Information as Distraction

A Mashable article has a quote from President Obama in which he worries that the iPad and other devices make us treat information as a distraction:

“You’re coming of age in a 24/7 media environment that bombards us with all kinds of content and exposes us to all kinds of arguments, some of which don’t always rank all that high on the truth meter,” the AFP reportsObama saying during a talk at Hampton University in Virginia.

“With iPods and iPads and Xboxes and PlayStations — none of which I know how to work — information becomes a distraction, a diversion, a form of entertainment, rather than a tool of empowerment, rather than the means of emancipation.”

In addition, he mentions the more typical criticism that there is much FUD and downright inaccurtae information on the internet, and it is hard to distinguish between that and more accurate sources.

A quick perusal of the first batch of comments looks to me like people are misinterpreting what he was emphasizing when he used the word ‘distraction’.  He’s using it to mean information as an “amusement”, not information as something dividing our attention.  My comment I posted on Mashable was:

In addition to the usual points about accuracy of information found on the internet, etc., President Obama is making an interesting observation that is very astute. A bit of pruning to one sentence shows his point:

“information becomes a … form of entertainment, rather than a tool of empowerment”

I think that’s the most interesting point he’s making: that all of these devices are encouraging us to approach information as nuggets of amusement rather than actually paying attention to the content. It’s “distraction” in the sense of “that which amuses, entertains, or diverts; amusement; entertainment” rather than “distraction” as taking our attention away from something else.

And, looking at it that way, I think he’s on to something: we approach real news about things happening in the real world as just another ‘distraction’ in the form of another morsel of entertainment: we play a game, watch a tv show, read about a earthquake killing thousands in China, and then go to Facebook.
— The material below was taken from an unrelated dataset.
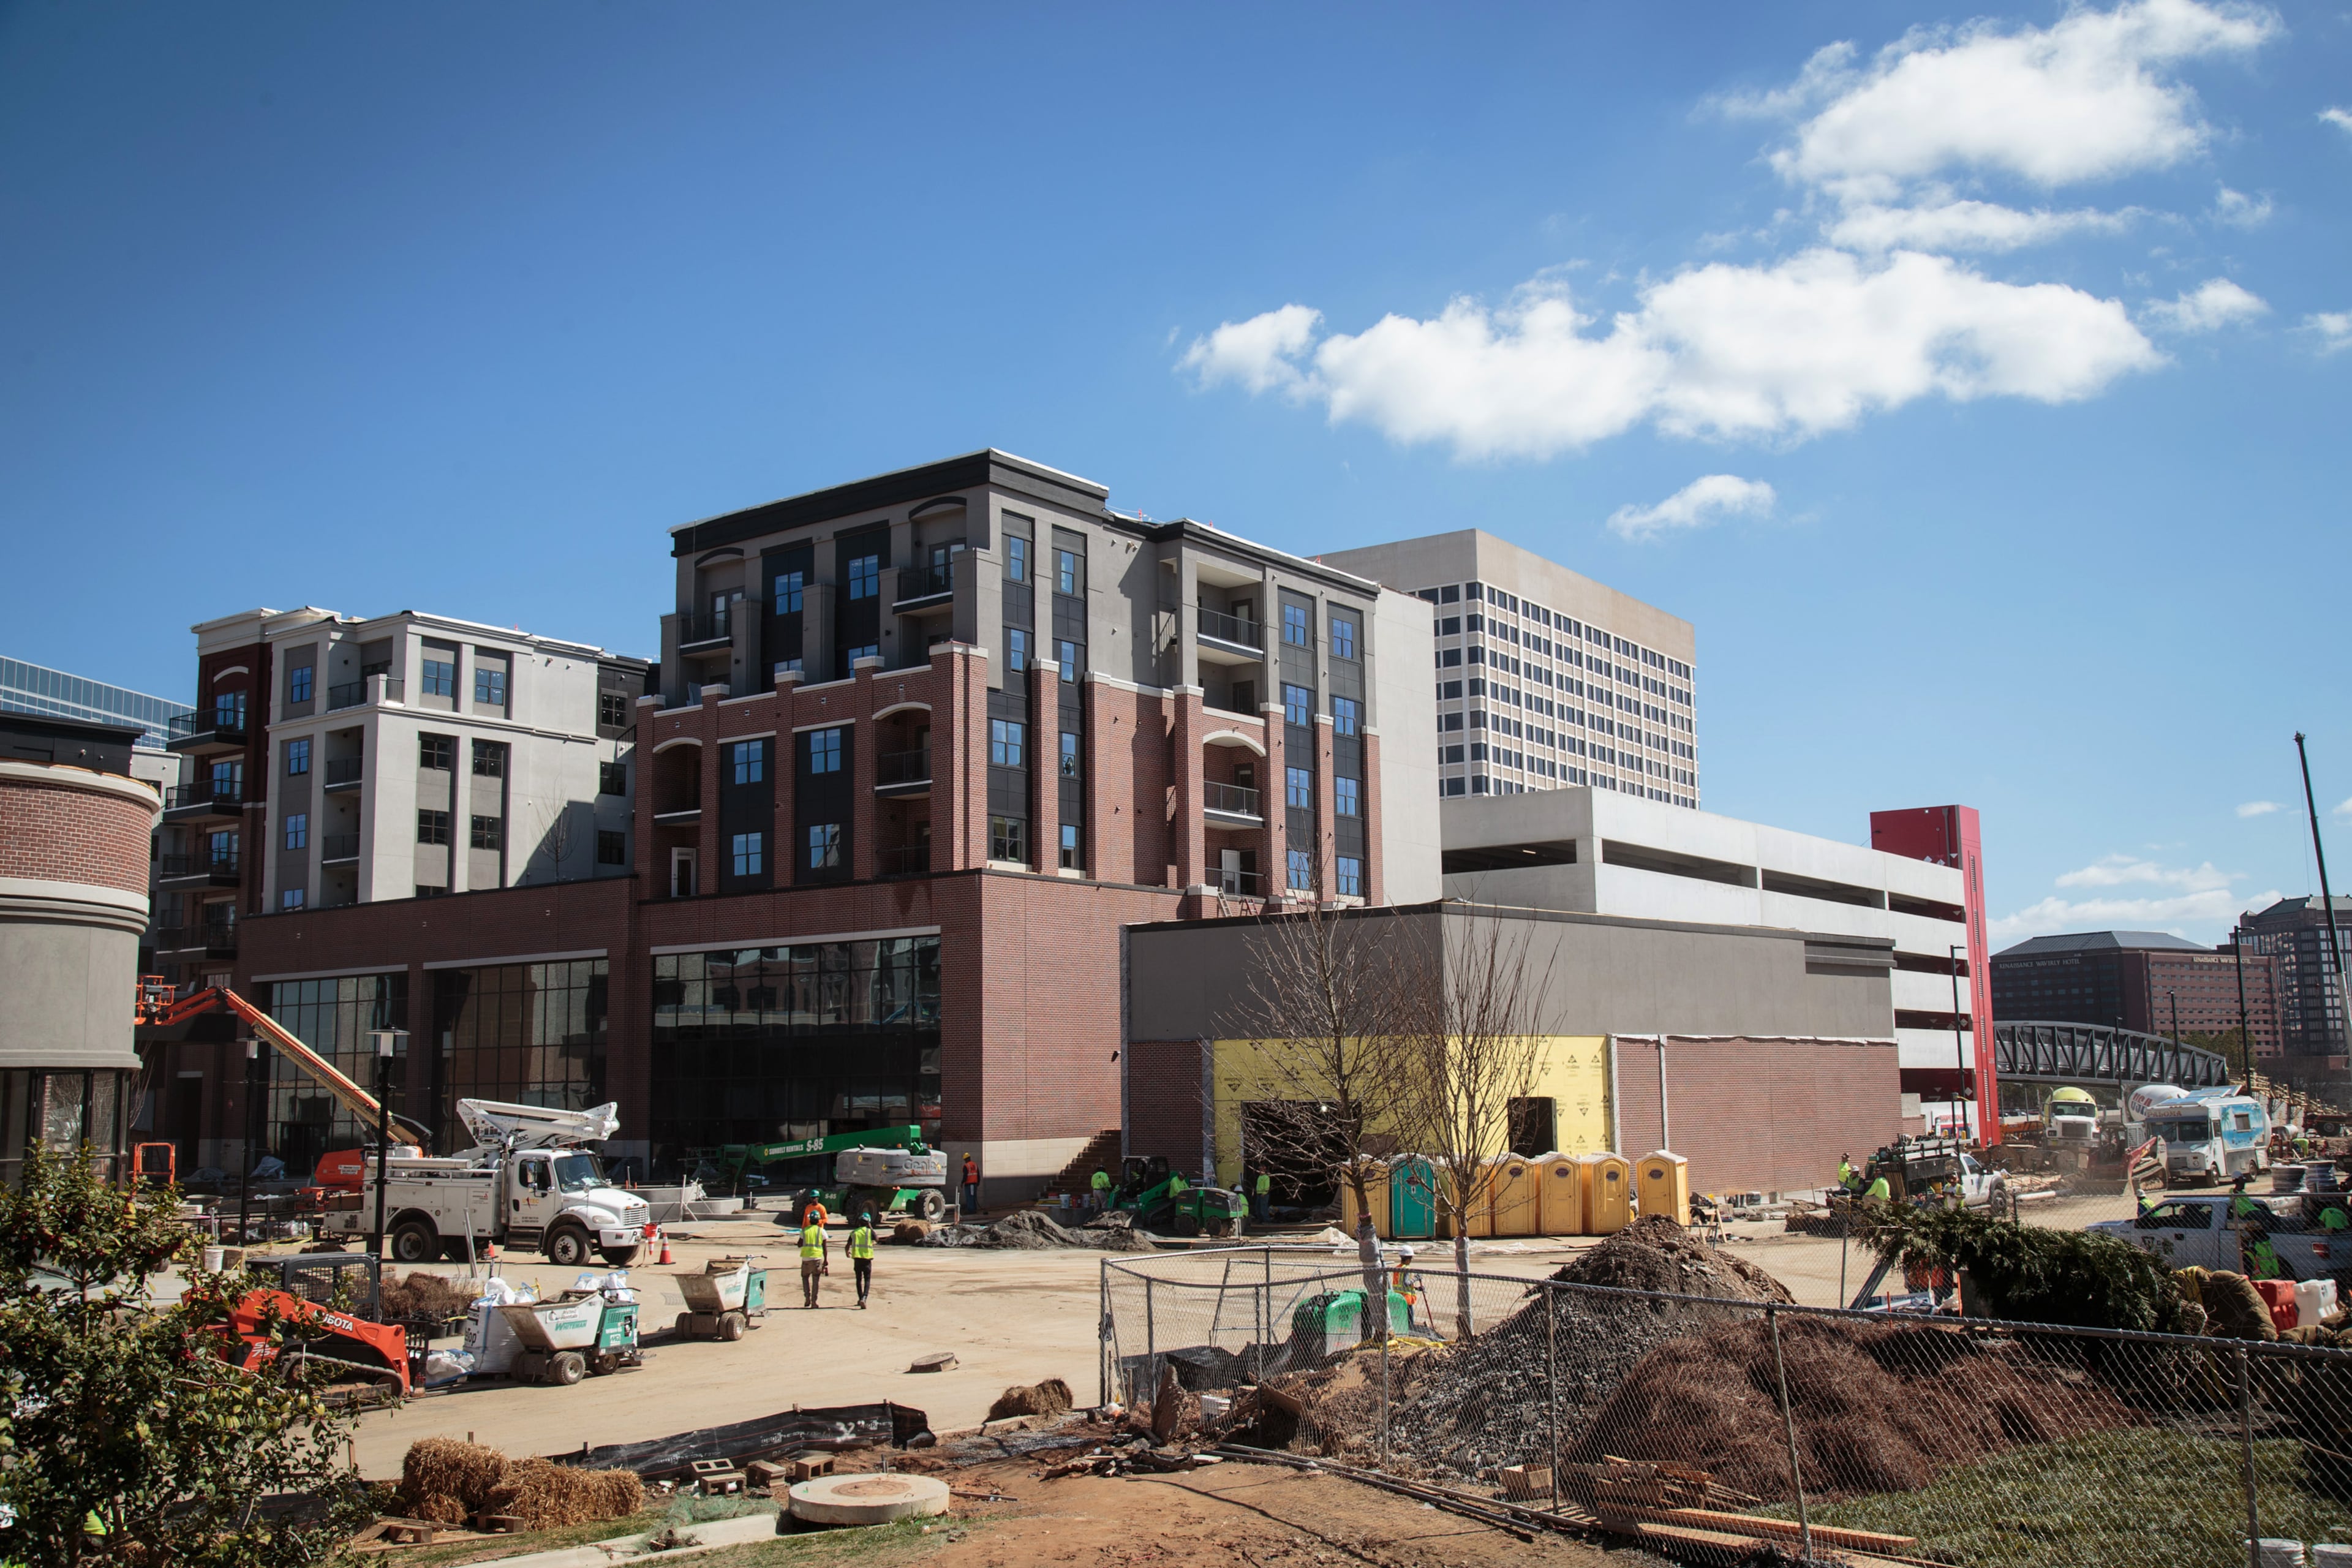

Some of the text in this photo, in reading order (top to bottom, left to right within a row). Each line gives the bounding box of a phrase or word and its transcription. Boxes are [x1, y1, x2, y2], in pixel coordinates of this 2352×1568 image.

[786, 1144, 804, 1153] RENTALS
[806, 1138, 824, 1152] S-85
[903, 1158, 937, 1171] Genie
[555, 1320, 588, 1331] WHITEMAN
That real life event of great significance just becomes another stop in our “grazing path” on our device of choice.

I think he mentions the devices he does for good reason, because they are devices we use just as much (if not moreso) for trivial diversion as we do for gathering of information to use in our lives for “empowerment” and “emancipation” as he puts it. When we sandwich the important information within the trivial, are we at risk of trivializing that as well merely by the context we see it in?
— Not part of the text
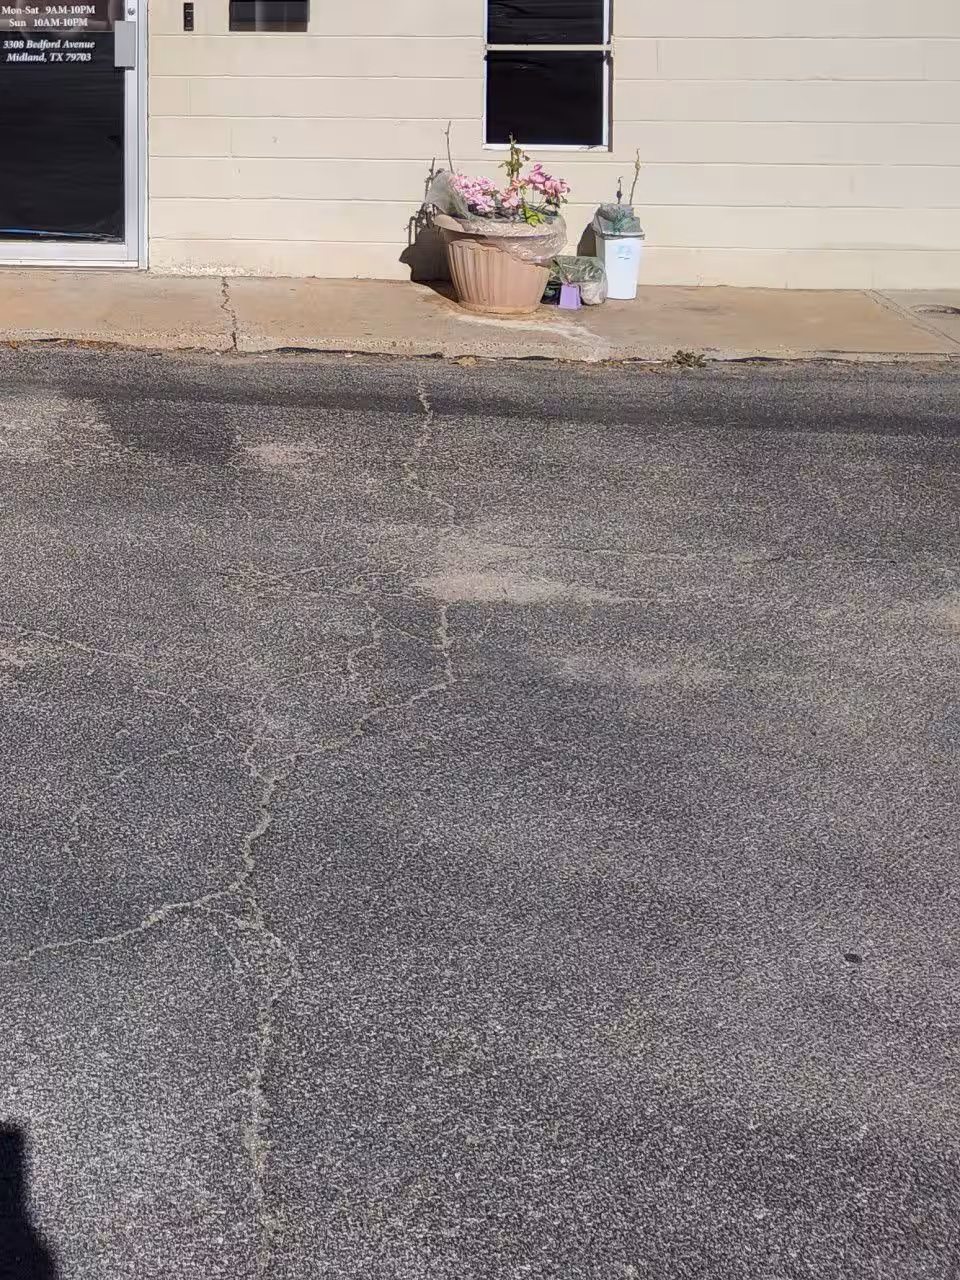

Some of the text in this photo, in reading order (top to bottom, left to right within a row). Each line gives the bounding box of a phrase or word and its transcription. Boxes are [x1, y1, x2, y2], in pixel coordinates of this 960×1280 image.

[1, 5, 96, 15] Mon-Sat 9AM-10PM
[9, 18, 88, 27] Sun 10AM-10PM
[3, 39, 96, 51] 3308 Bedford Avenue
[6, 52, 92, 63] Midland, TX 79703
Unfortunately, people are focusing on the wrong meaning of the word “distraction”.  Even though President Obama clearly makes the point using the word “entertainment” too, people are ignoring that, and reacting to the points he made that are far less interesting and far more common.  They’re used to considering those points (level of inaccuracy, info overload, etc.) and in their quick reading of his comments they are missing his most salient and perceptive point:

We are at risk of trivializing information about serious things as just another form of entertainment when we use it in a context on these sorts of devices that places it directly between other items that are just lighter diversions and “distractions”.  We may not be aware of it, but are we distorting our view of these things by constantly seeing them within this context?